Atlantic Writer Blames Slow Electric-Vehicle Sales on Donald Trump

Andrew Moseman goes into some detail in Friday’s Atlantic magazine as to why electric vehicle sales have slowed down recently to the extent that he is now calling 2024 a lost year for EVs as reflected in the title, “America’s Lost Year for Electric Cars.”

Despite Moseman providing us with a myriad of obvious reasons why consumers appear to be rejecting EVs, he falls back on the easy all-purpose explanation for liberals to blame for whatever the woes: Trump’s fault!

First let us see how precisely Moseman blames Orange Man Bad for slowing EV sales.

Then there is the election, the outcome of which may compound this lost year. Donald Trump has made electric-car antagonism part of his campaign, and his victory would sap federal support for electrification just as EVs are maybe ready to turn a corner in 2025. During an election year, “I think there’s a natural tendency [for car companies] to hedge, just because we don’t know how things are going to shake out,” Cantor told me. Car companies that charged ahead with electric models under Joe Biden might rethink their ambitions in the case of a Trump win, Cantor said. (The CEO of Stellantis, the parent company of Chrysler and Jeep, has basically said as much.)

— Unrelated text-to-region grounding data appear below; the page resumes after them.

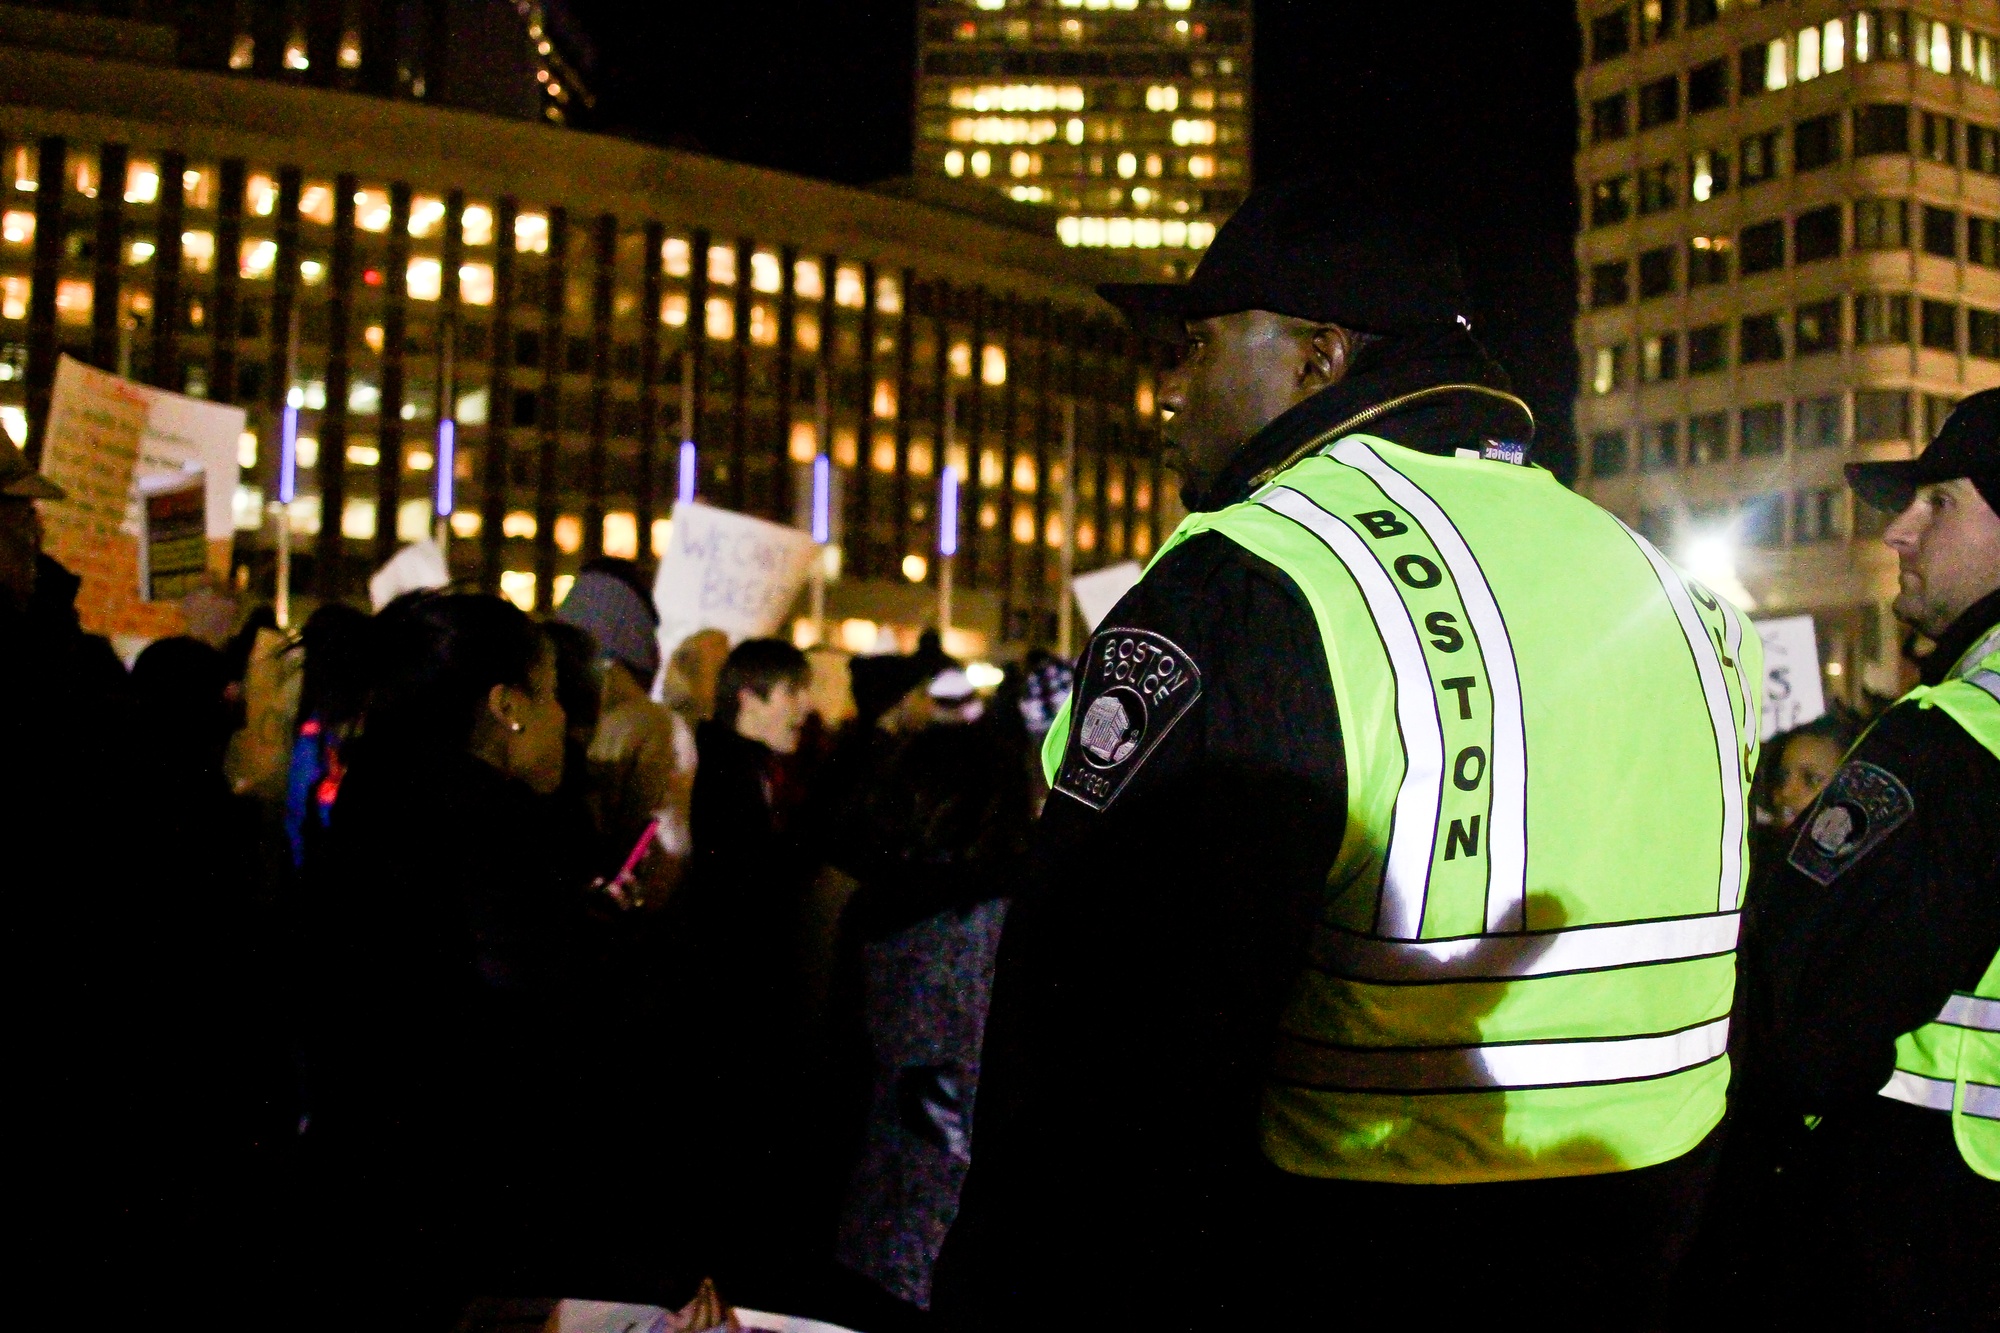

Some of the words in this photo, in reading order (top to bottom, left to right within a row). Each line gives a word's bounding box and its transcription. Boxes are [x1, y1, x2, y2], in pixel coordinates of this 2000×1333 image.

[1485, 447, 1524, 465] Blauer
[1103, 660, 1170, 706] POLICE
[1104, 638, 1189, 692] BOSTON
[1354, 510, 1486, 861] BOSTON
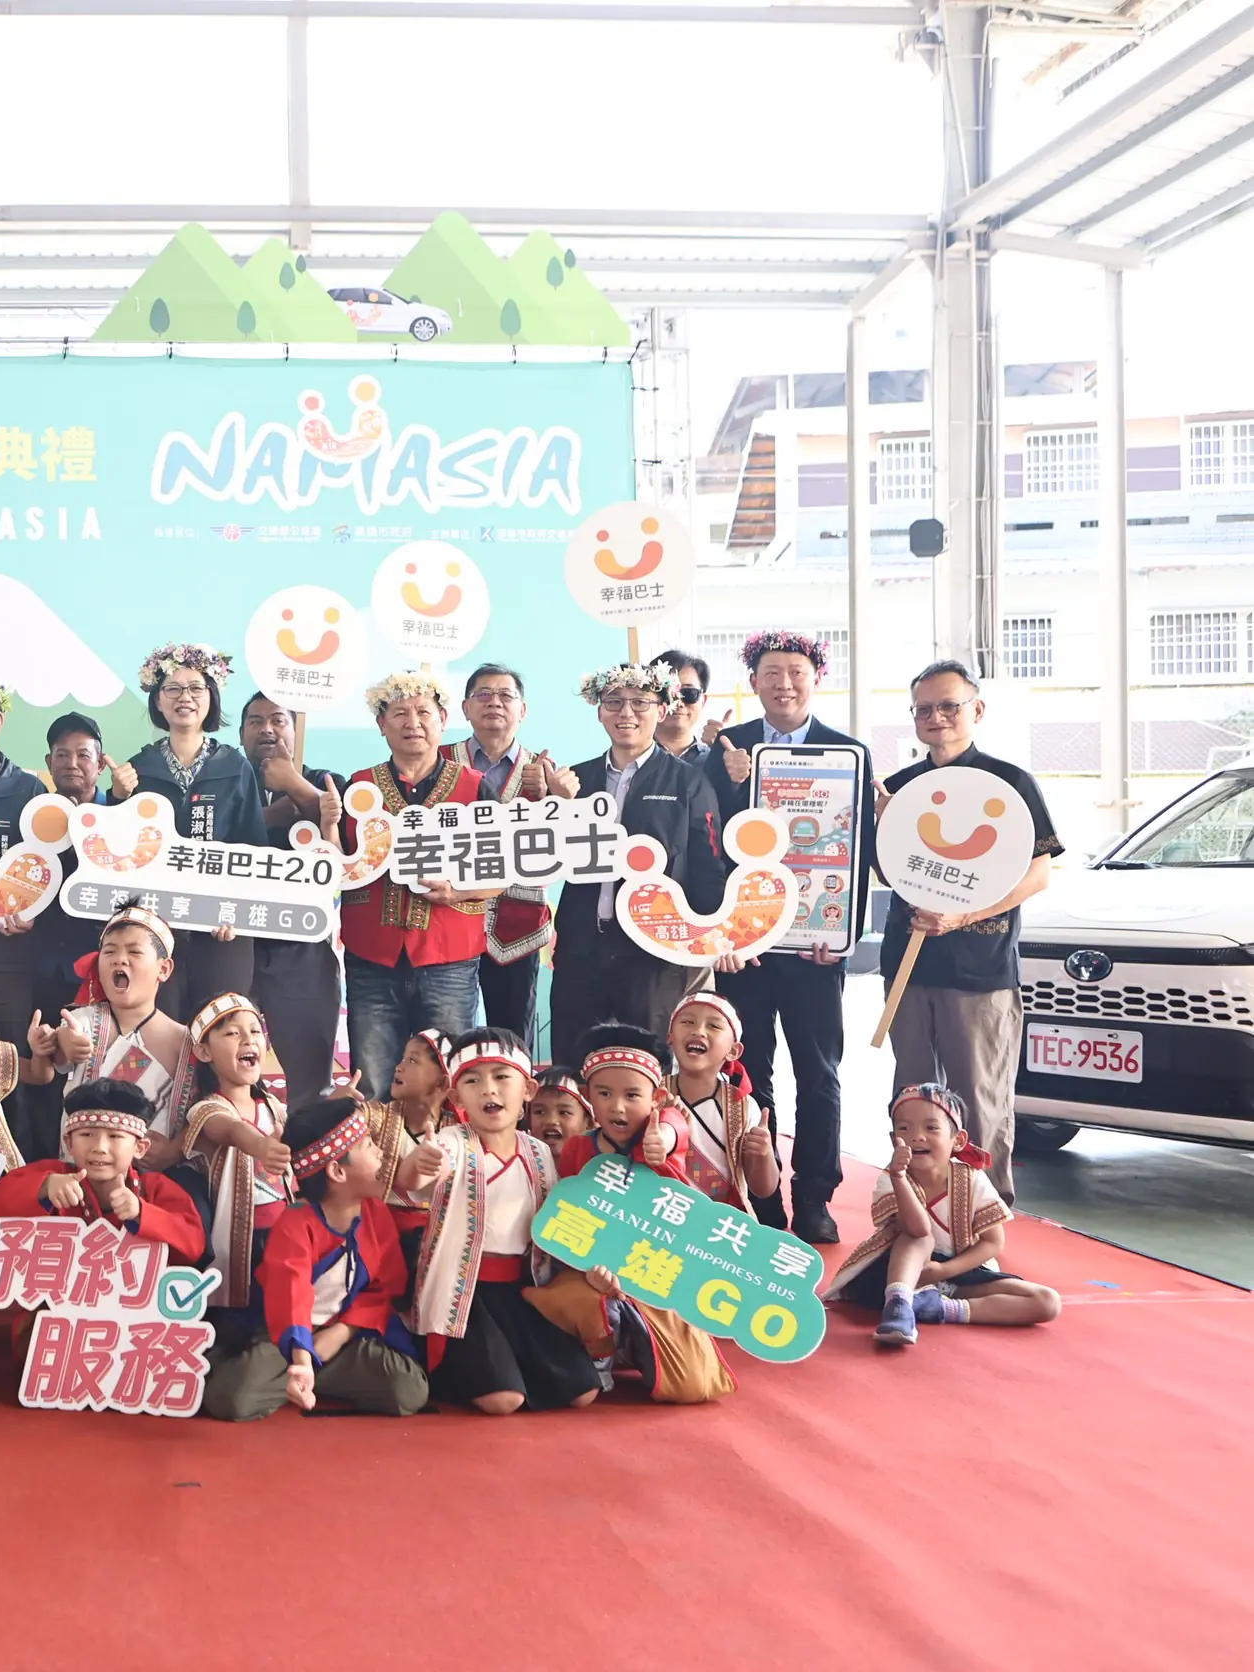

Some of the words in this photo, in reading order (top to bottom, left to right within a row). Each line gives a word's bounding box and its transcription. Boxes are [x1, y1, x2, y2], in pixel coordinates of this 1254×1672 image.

[600, 582, 664, 602] 幸福巴士
[402, 619, 459, 640] 幸福巴士
[276, 667, 335, 688] 幸福巴士
[402, 796, 609, 830] 幸福巴士2.0
[166, 844, 333, 886] 幸福巴士2.0
[393, 823, 618, 880] 幸福巴士
[907, 854, 980, 891] 幸福巴士
[655, 923, 690, 940] 高雄
[593, 1159, 815, 1279] 幸福共享
[586, 1194, 677, 1245] SHANLIN
[684, 1243, 763, 1286] HAPPINESS
[766, 1281, 797, 1301] BUS
[24, 1316, 210, 1411] 服務
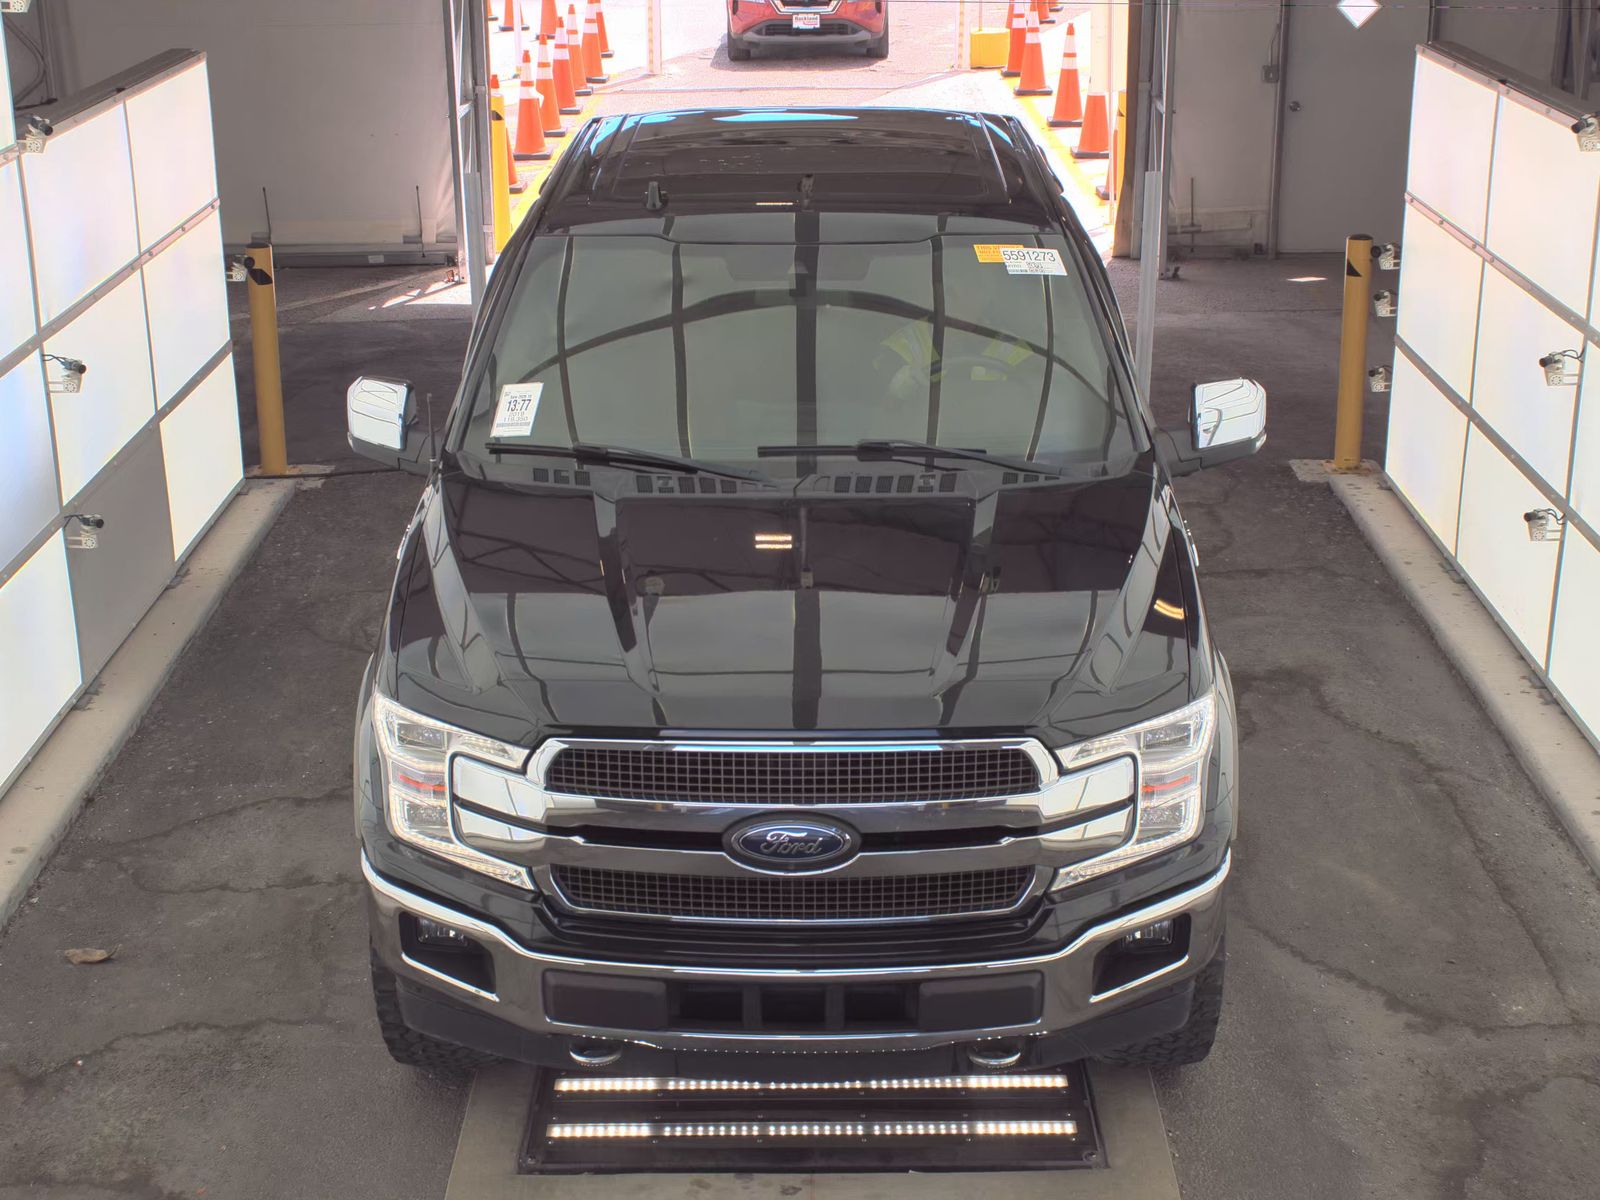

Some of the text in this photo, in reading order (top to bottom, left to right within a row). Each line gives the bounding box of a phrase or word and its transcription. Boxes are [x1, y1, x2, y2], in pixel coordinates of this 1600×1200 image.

[1002, 250, 1056, 262] 5591273
[507, 398, 532, 412] 13:77
[760, 831, 824, 855] Ford
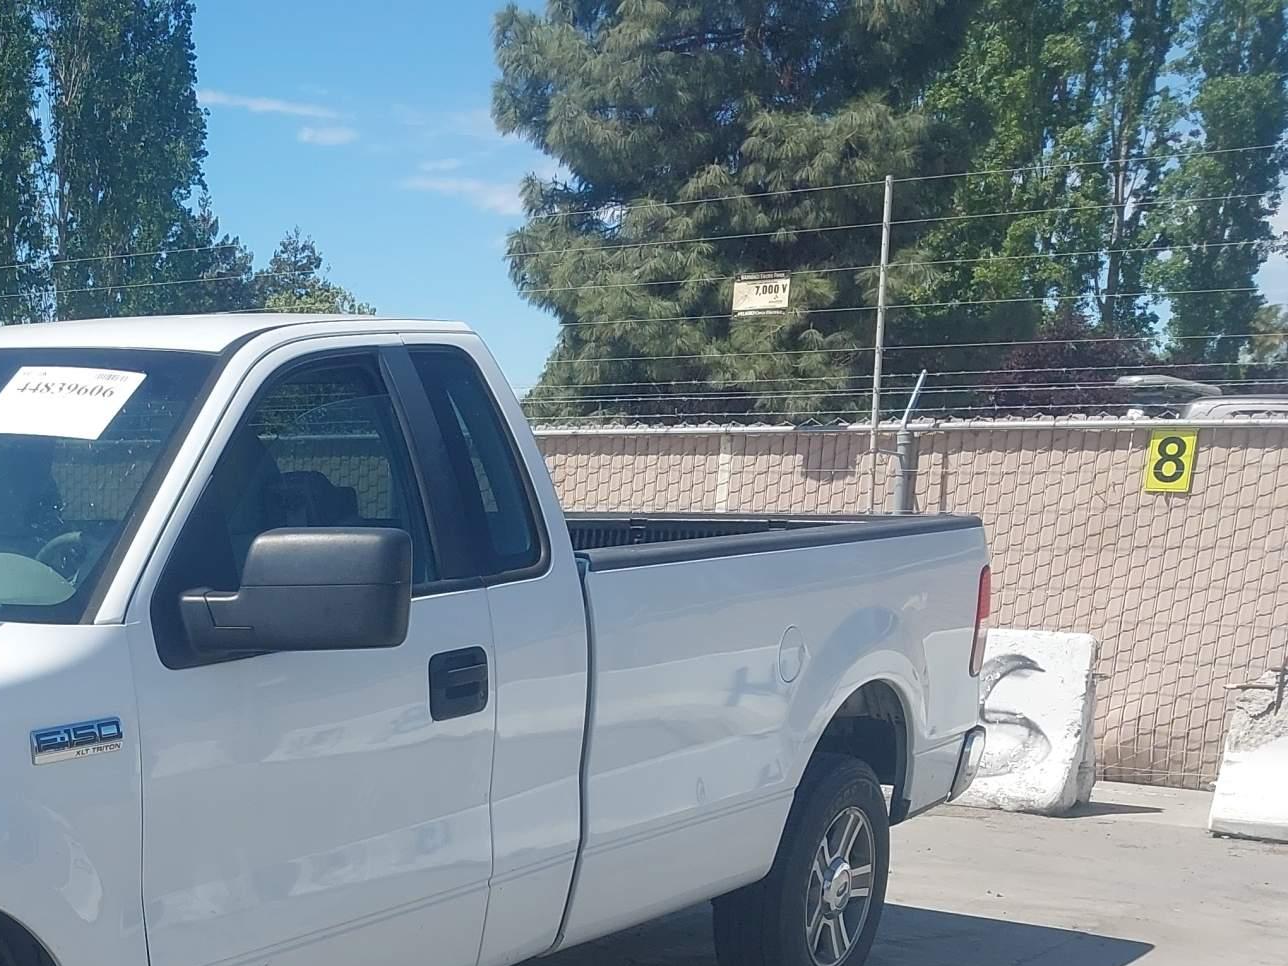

This just underlines that the car companies went down this road because they were forced. On a related note, Moseman also blames pickup truck buyers:

Politics could stymie the advance of EVs in other ways. Rapson’s third batch of American buyers after the enthusiasts and pragmatists is the holdouts—people who might reject electric cars outright. That includes millions of potential buyers of electrified Ford and Chevy trucks who, for reasons political and mechanical, have shown little interest in battery-powered pickups. “Pickup buyers do not want electric trucks,” McDonald said. Their reluctance casts doubt on the goal of total electrification put forth by politicians and car execs.

Yes, place the blame upon Trump and redneck pickup truck people, yet Moseman himself provides more than enough real reasons for the slowdown in EV sales.

The demise of the Bolt was supposed to mark the end of the beginning. In place of the Bolt—GM’s first mass-market EV—the company had planned to unleash a fleet of more advanced EVs early this year. It hasn’t gone as anticipated: Software bugs, battery problems, and factory delays have plagued the cars. The battery-powered Equinox SUV has yet to go on sale, and its larger sibling, the Blazer, was released before GM suspended sales. You can buy the fully electric version of the Silverado pickup truck—but demand has been so lukewarm that GM has delayed production at a factory that, you guessed it, used to make the Bolt.

Right now, America’s transition to electric cars is stuck between stages. For electric cars to accelerate toward world dominance, car companies must sell millions of EVs to Americans with no attachment to the idea of battery-powered driving, not only to the early adopters who had few good options beyond Tesla and the Bolt. Now there are at least 50 models available, and nearly every large carmaker has at least one true EV on the market. But few of them are affordable enough for many car buyers, and the next generation of EVs—the ones designed to entice people who have not yet gone electric—isn’t coming soon enough. As a result, 2024 is shaping up to be a lost year for EVs, with little movement toward our supposed all-electric future.

Yeah, so by Moseman’s own admission the higher prices for EVs over gasoline powered cars would be a good reason for the slow sales of the former. A much bigger reason than because Donald Trump said mean things about EVs. And beside price we have more from Moseman as to why consumers would need to think twice before purchasing an EV such as rapid depreciation and loss of driving range:

The current slate of EVs isn’t winning them over. Tesla’s Model Y, the top-selling EV by far, starts at $44,000. Popular models such as the Ford Mustang Mach-E, the Volkswagen ID.4, and the Hyundai Ioniq5 are in the same ballpark, and many early entrants in the EV race cost much more. Meanwhile, the gas-powered Honda CR-V that rules the suburbs starts at $29,500; a Toyota Prius starts for even less. Without the Chevy Bolt, a bargain-EV shopper has few options beyond the uncertain market for used electric cars. They can be had for cheap, because older EVs are depreciating fast. But driving range declines as EVs age for the same reason your smartphone battery fades.

So there are very real reasons to not purchase EVs besides Trump but since this article appeared in Atlantic magazine, it is necessary to invoke the Orange Boogeyman as an explanation for slow EV sales.